☘️ When Perfect Becomes the Problem: Unhooking Your Worth from Performance

☘️ When Perfect Becomes the Problem: Unhooking Your Worth from Performance

Jillian LaDoux - Refreshing Waters

🛡️Perfectionism Isn’t About Being Perfect—It’s About Being Safe

Most people who struggle with perfectionism don’t actually believe they are perfect.

They’re trying to avoid criticism, failure, or shame.
They’re trying to earn security through achievement.

In therapy, we often uncover that perfectionism starts as a protective response. It helps people feel in control in environments that feel unpredictable or high-pressure. Over time, this morphs into a belief that:

“If I get it right, I’m okay. If I fall short, I’m not enough.”

It becomes a mental loop—one that’s exhausting, emotionally rigid, and often invisible to others.

🧠 What Happens in the Brain

Perfectionism activates the threat system in the brain. When you anticipate failure, disapproval, or shame, your amygdala (the brain’s fear center) sends out a signal to protect yourself.

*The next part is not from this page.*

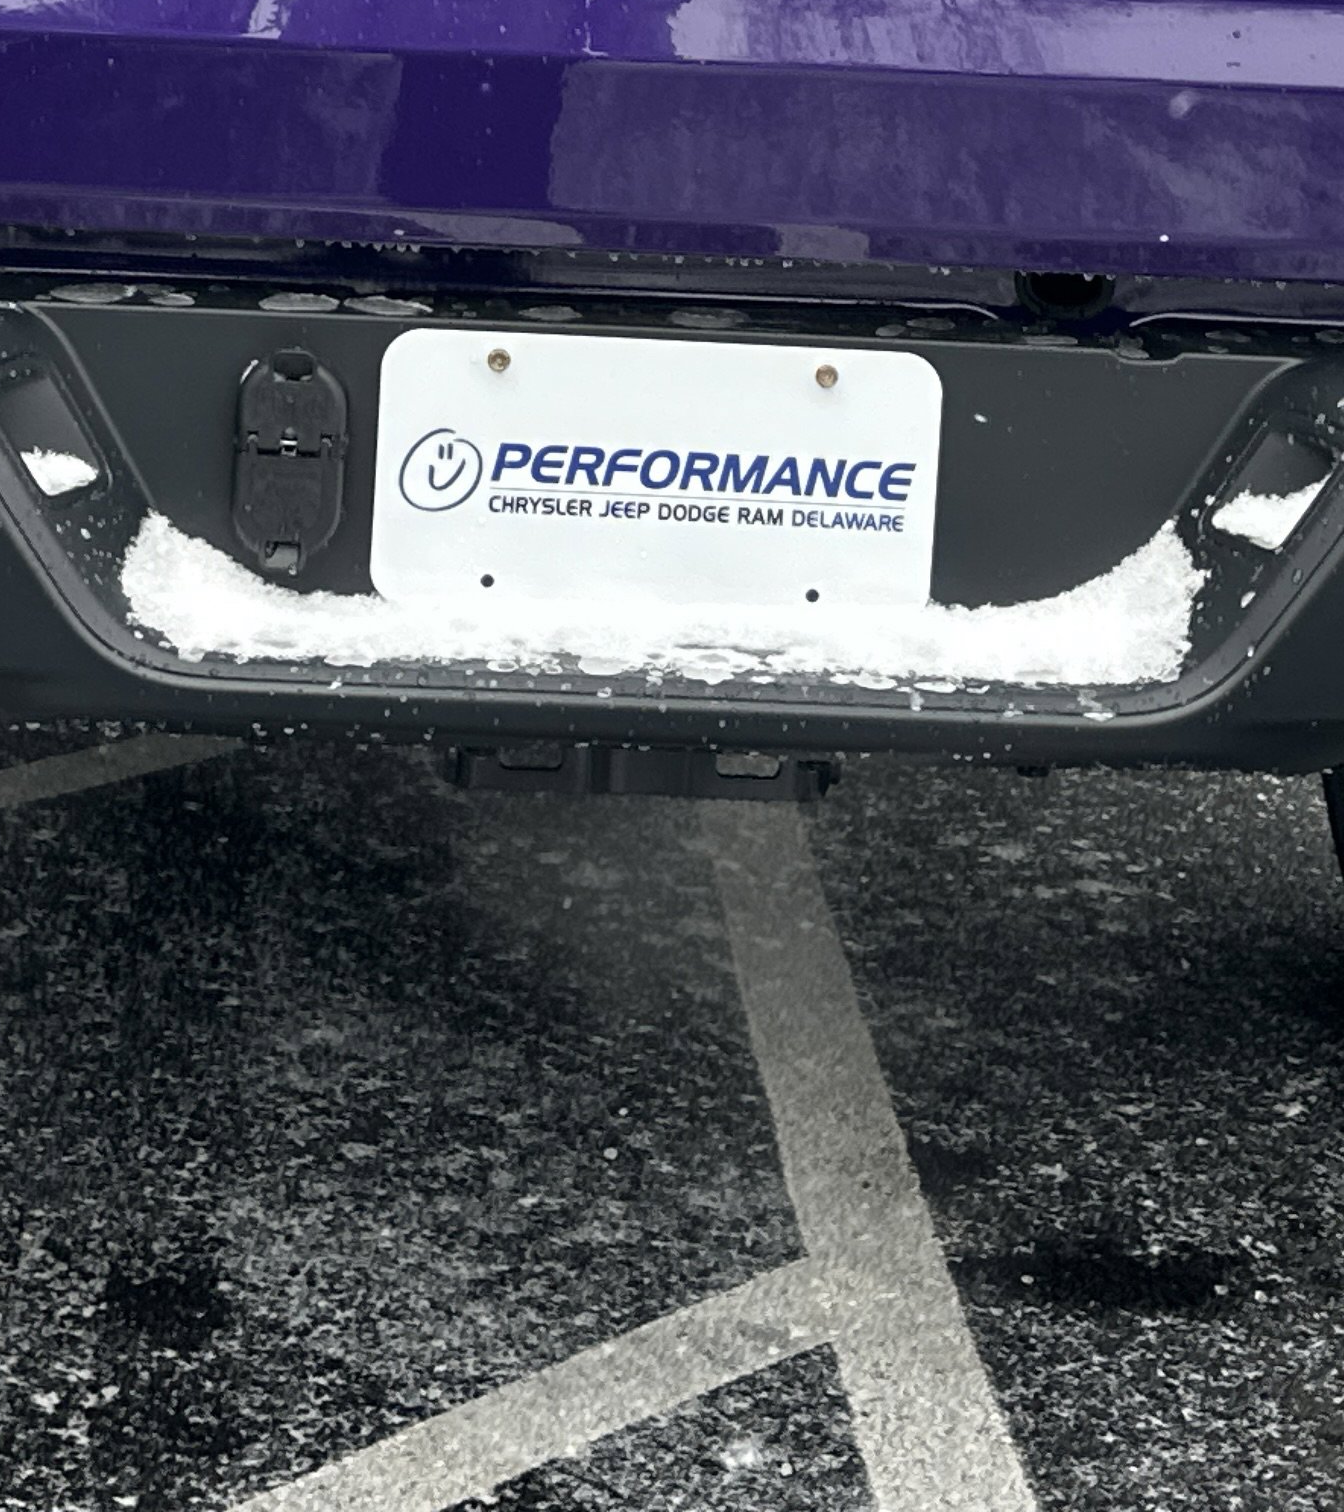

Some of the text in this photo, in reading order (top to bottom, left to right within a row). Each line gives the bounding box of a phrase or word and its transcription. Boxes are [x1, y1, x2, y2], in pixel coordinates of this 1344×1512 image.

So you hustle. Over-prepare. Overanalyze. Avoid.
And it works—for a while.

But the cost is chronic tension, self-doubt, and burnout.

Therapy helps rewire this loop through neuroplasticity—the brain’s ability to form new pathways. As clients challenge perfectionistic beliefs and build self-compassion, their nervous systems learn to feel safe in imperfection.

⚖️ Healthy Striving vs. Perfectionism

Healthy striving is flexible. It allows for effort, growth, and rest.
Perfectionism is rigid. It says, “Do more. Be more. Don’t mess up.”

In session, we often explore this contrast by asking:

  • What emotion is perfectionism protecting you from?
  • Where did you first learn success = safety or worth?
  • What would it mean to be valuable without achieving anything?

This work creates space for healing—not just behaviorally, but at the core of how you relate to yourself.

💬 A Thought That Resets the Bar

“Don’t let perfection be the enemy of good.”
— Voltaire

Perfectionism convinces us that “good” isn’t good enough. That unless something is flawless, it doesn’t count.

But this quote reframes the entire story:
What if peace, progress—even healing—only begin when we stop aiming for perfect and allow good to be enough?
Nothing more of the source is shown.